I don't think that expecting a lot from young players is/was part of the process at all. A large tenant of the process was that short term results on the court were irrelevant. Nobody was saying that playing exclusively young guys will improve the product on the floor in the present at all, or even that it was best for the development of the players to be on as bad a team as possible. It was that there was to be a focus on long term development, and the best way to maximize your chances of obtaining real talent was to pursue this strategy.
We dredged the bottom for all the talent that we could get, and now that the process is complete we have ridiculous amounts of young talent, and high draft picks from which more young talent will be obtained.
I think you are demonstrating how many naysayers of the process never even understood it because you are ascribing motives to the process that it didn't have, and then measuring results that it didn't pursue, and claiming that it came up short.

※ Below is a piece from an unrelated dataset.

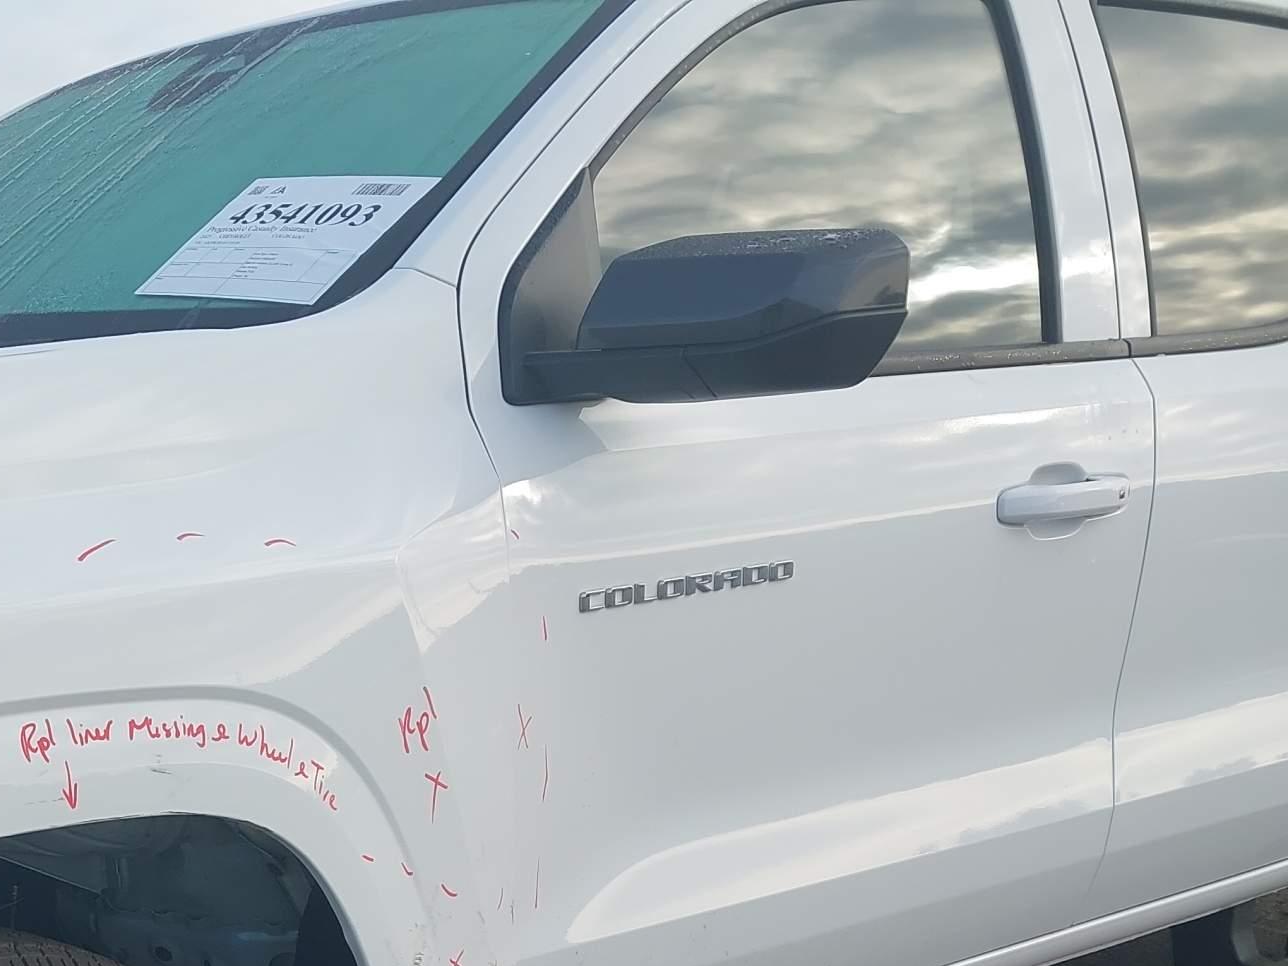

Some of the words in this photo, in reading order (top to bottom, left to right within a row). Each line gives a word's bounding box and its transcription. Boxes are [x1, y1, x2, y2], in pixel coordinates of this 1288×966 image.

It's the whole "how good of a GM was Hinkie when he could only win 10 games?" BS. The question should rather be "how much talent, and future high picks, could we have accumulated in the last 3 years if we had pursued short term gain, over talent acquisition?"
Following that path would result in no Noel, Saric, Embiid, Okafor, or Simmons, and we would instead have something like Jrue, and a bunch of talent acquired in the 8-15 range in each of the last three drafts. We would have no potential franchise players on the team currently, instead of the two that we currently have in Embiid, and Simmons.
Embiid, and Simmons are the main precious harvest of the process that would have ZERO chance of being on the Sixers if we pursued wins on the court during the last three years. Now the process is done, and they are 19, and 22.
When was the last team that brought in 3 rookies in the same year as talented as Embiid, Simmons, and Saric? These are Hinkie sowed fruit.